Sometimes, we have to fight for our happiness. And this one is well worth battling for.
5) Working in a high-prestige profession
Your parents might have encouraged you to get a “top” job in law or medicine. Society often treats people in high-prestige professions as if they’re above the rest of us.
But if it’s not what you truly want to do, what’s the point?
Sure, you’ll probably get some perks like being “respected”, a good salary, private healthcare, and whatnot.
But if it makes you dread going to work every day, it’s simply not worth it.
I’d much rather be a cleaner or a bus driver, working normal hours and interacting with people in my local community, than a stressed-out CEO who never sees their family and has a treadmill in their office.
6) Possessing material things
Newsflash folks – shopping addiction is real.
And in the consumerist society we live in, it’s promoted. “Retail therapy”. Black Friday Sales. Buy now and pay later.
When did we need so much stuff to be happy?
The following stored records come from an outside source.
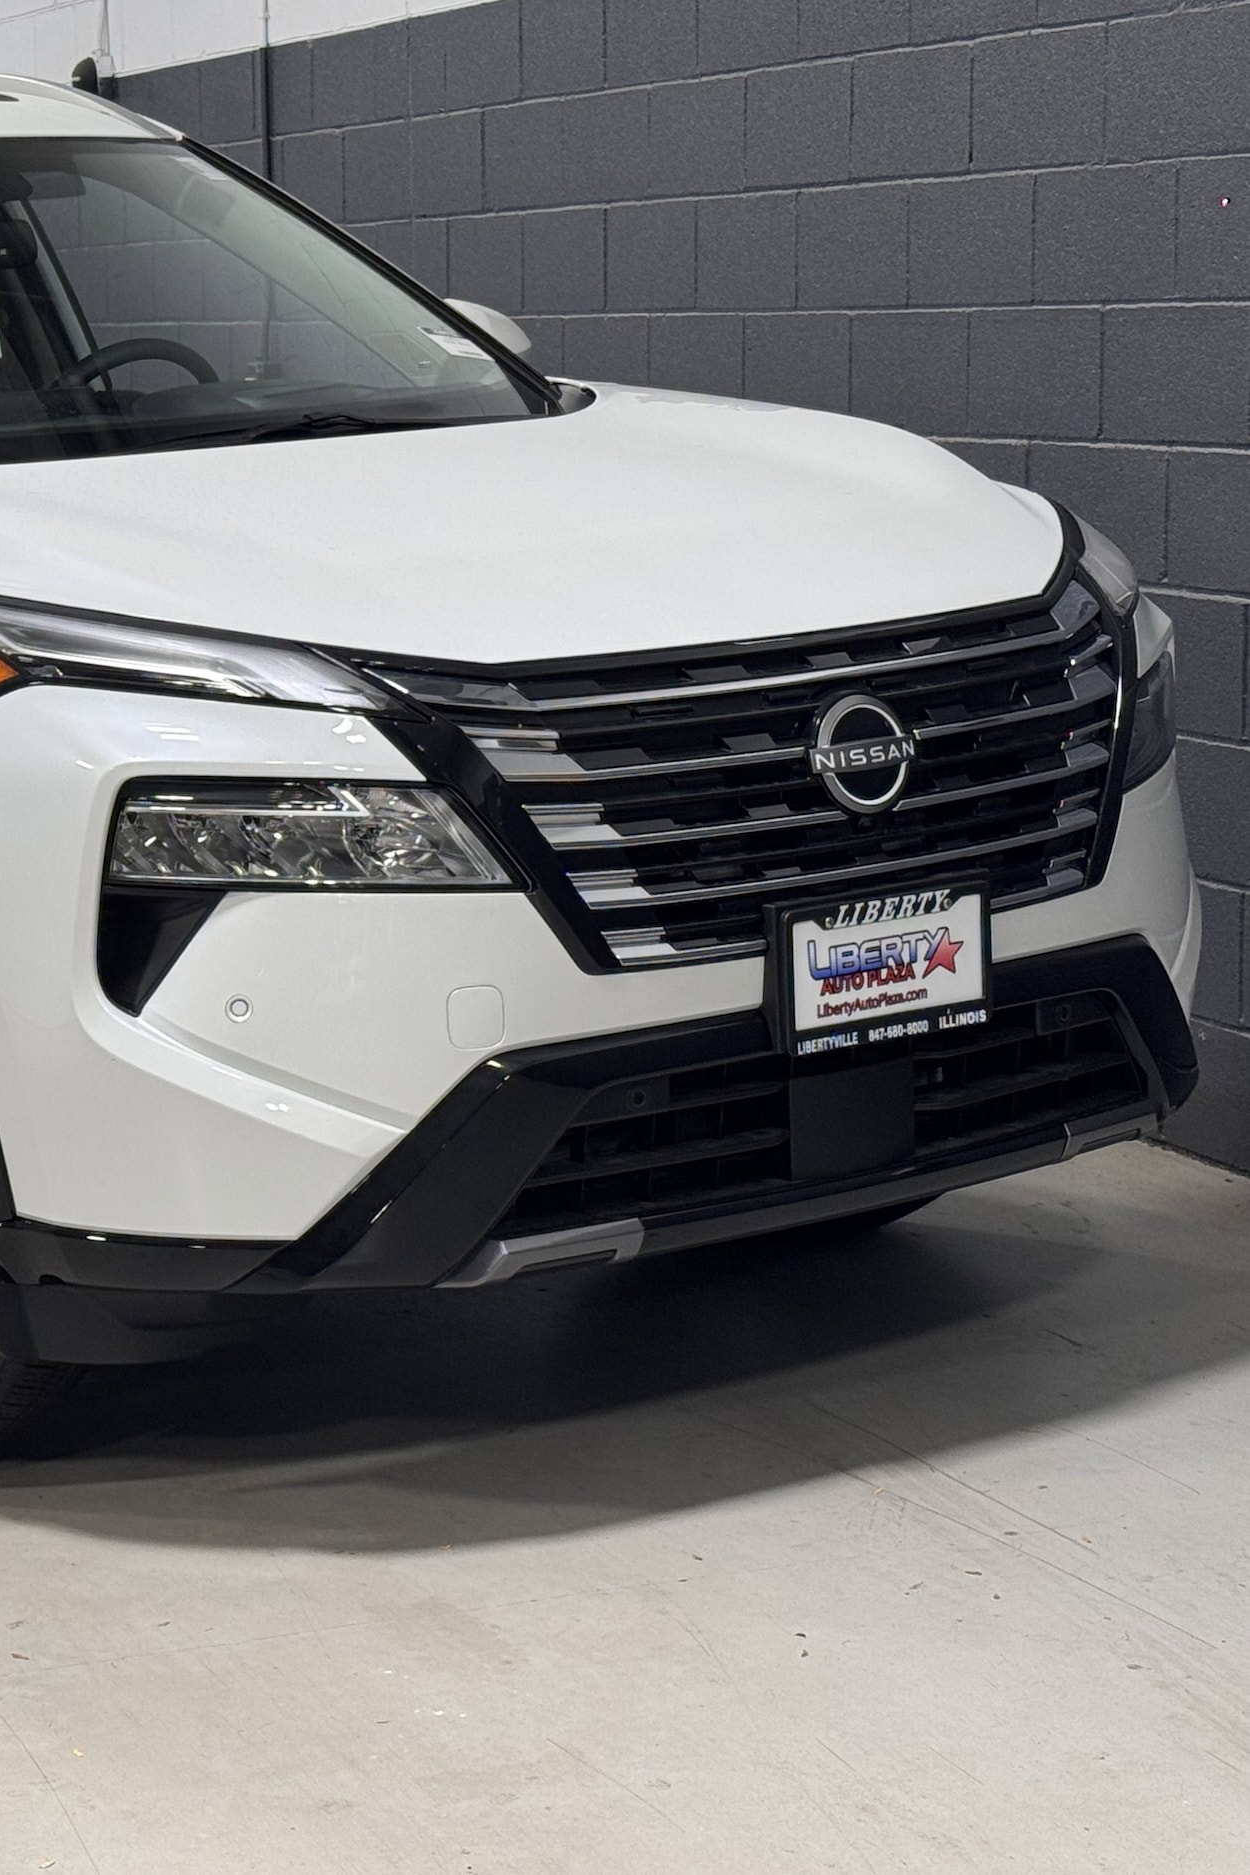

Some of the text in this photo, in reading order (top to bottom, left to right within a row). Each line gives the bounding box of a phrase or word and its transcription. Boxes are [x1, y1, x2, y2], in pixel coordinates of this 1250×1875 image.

[814, 739, 915, 770] NISSAN
[833, 889, 951, 929] LIBERTY
[807, 927, 949, 980] LIBERTY
[820, 962, 916, 996] AUTO PLAZA
[797, 1031, 859, 1056] LIBERTYVILLE
[938, 1009, 988, 1030] ILLINOIS
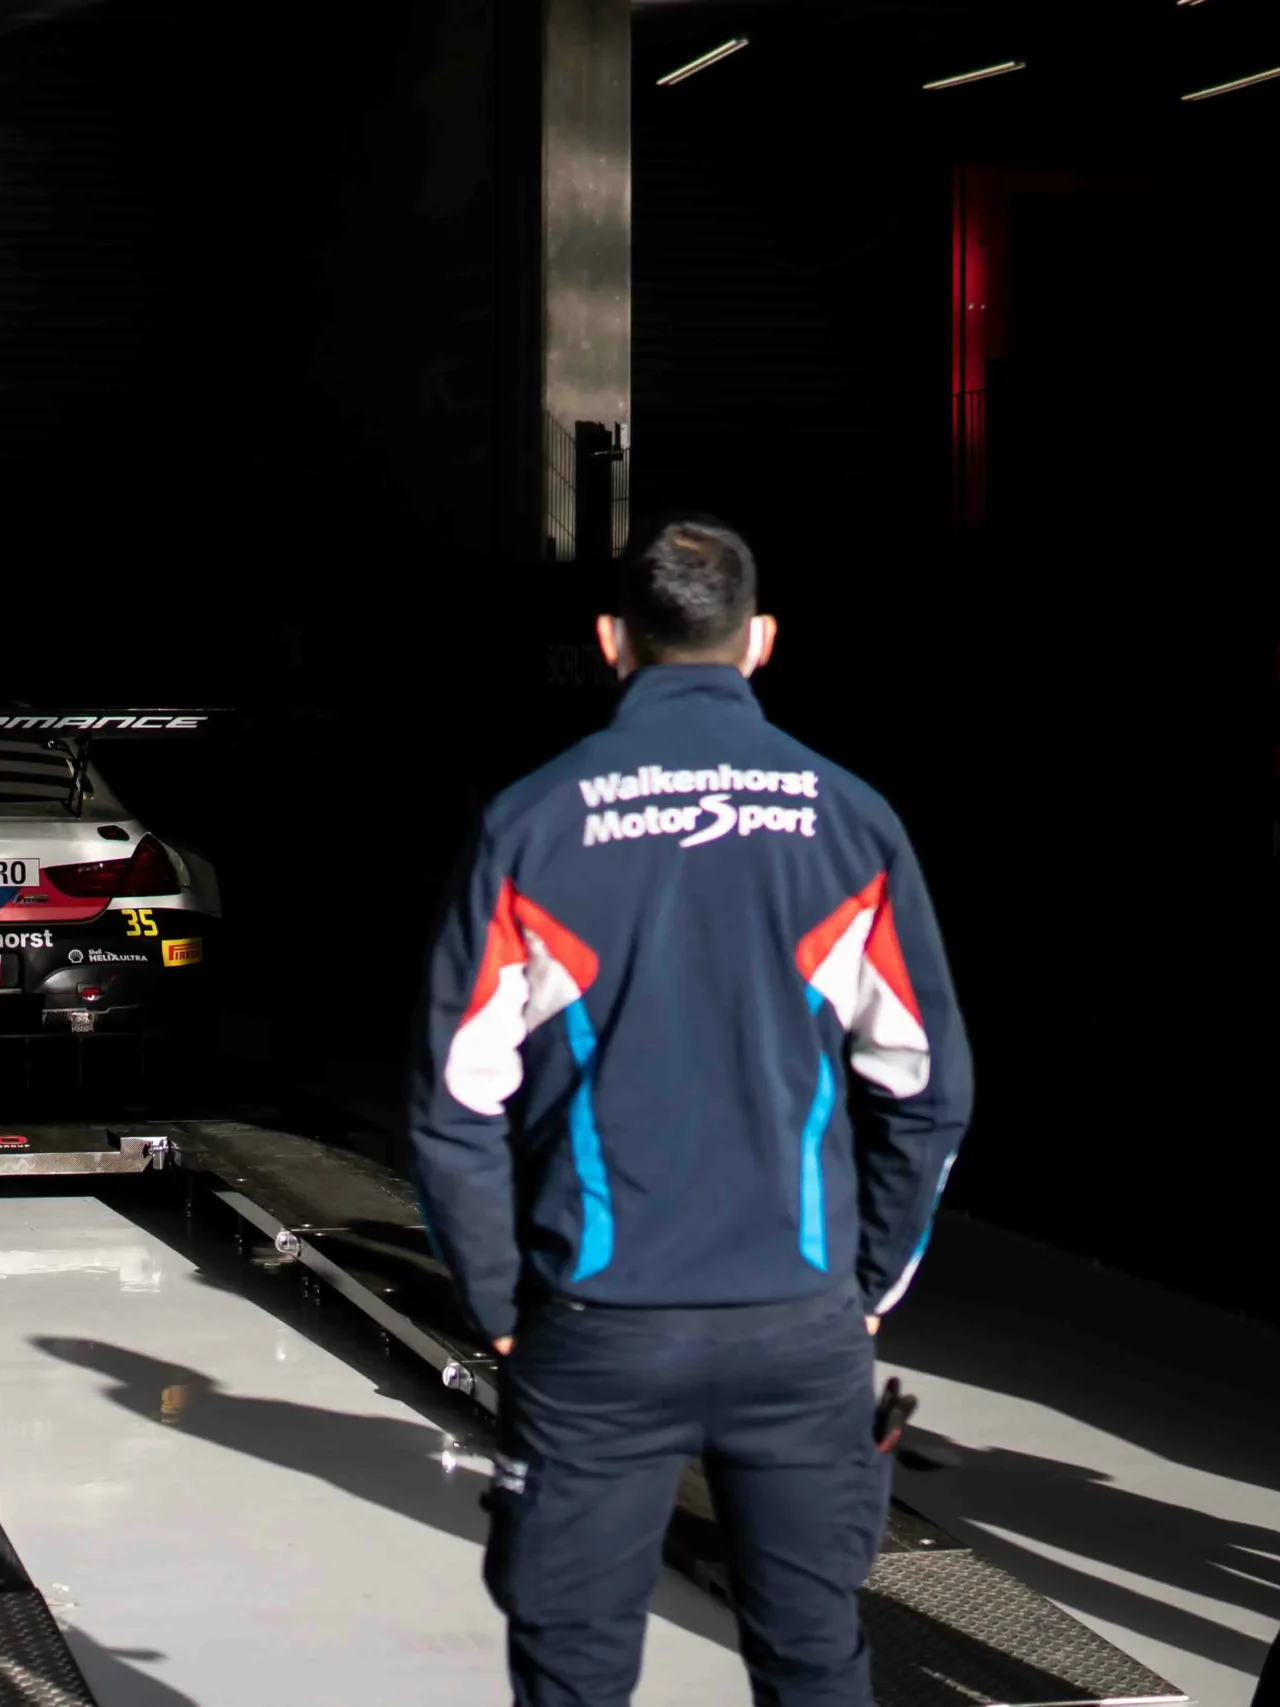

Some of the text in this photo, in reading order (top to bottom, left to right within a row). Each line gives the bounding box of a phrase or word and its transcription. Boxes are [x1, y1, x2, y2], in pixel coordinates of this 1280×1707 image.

I’ll admit, I used to buy into all this, but when I moved to a small village in a Mediterranean country, I learned that true happiness comes from other things…
Like nature. Like community. Like having a purpose.
So yeah, while I still shop on the odd occasion, it’s now for things I NEED, not necessarily for everything I want.
Remind yourself of that the next time you’re online shopping at 2 a.m. Or when you see your friends with the latest car or iPhone – it may look and feel good for a day. A week. A few months at most.
But will those things (and the act of constantly competing and trying to keep up with everyone else) really make you content in life?
I don’t think so.
7) Always being busy
Another expectation from society that will actually make you miserable is being constantly busy. Always being productive. Having a million side hustles and still managing to work out and redecorate your house.
There’s a unique beauty in slowing down.
In letting your body and mind rest and recharge.
I know your folks or friends might brand you as lazy. But you’re putting your well-being above looking productive, so ignore the haters!
You may actually find you have more energy and focus to concentrate on the things that really excite you in life, rather than spreading yourself thin and never getting anywhere.
8) Never showing weakness
And finally, while society is slowly moving away from this perception that showing weakness is a bad thing, there’s still a lot of progress to be made.
Especially when it comes to men.
As I mentioned earlier, I live in a tiny Mediterranean village, where men are still seen as the sole providers, hard workers, and typically, devoid of emotion.
My husband tried to fit back in with this lifestyle but ended up becoming miserable. Pent-up feelings, stress, and no outlet. It’s a dangerous combination.
So he decided to break the trend. To show vulnerability when needed. And guess what?
Not only is he happier and more relaxed, but he’s connected with so many other people who also felt constrained by this societal expectation.
So remember – when you’re ignoring the expectations listed above, you’re not just enhancing your happiness, but that of others too.
By breaking the rules and creating your own life, you give power to others to do the same.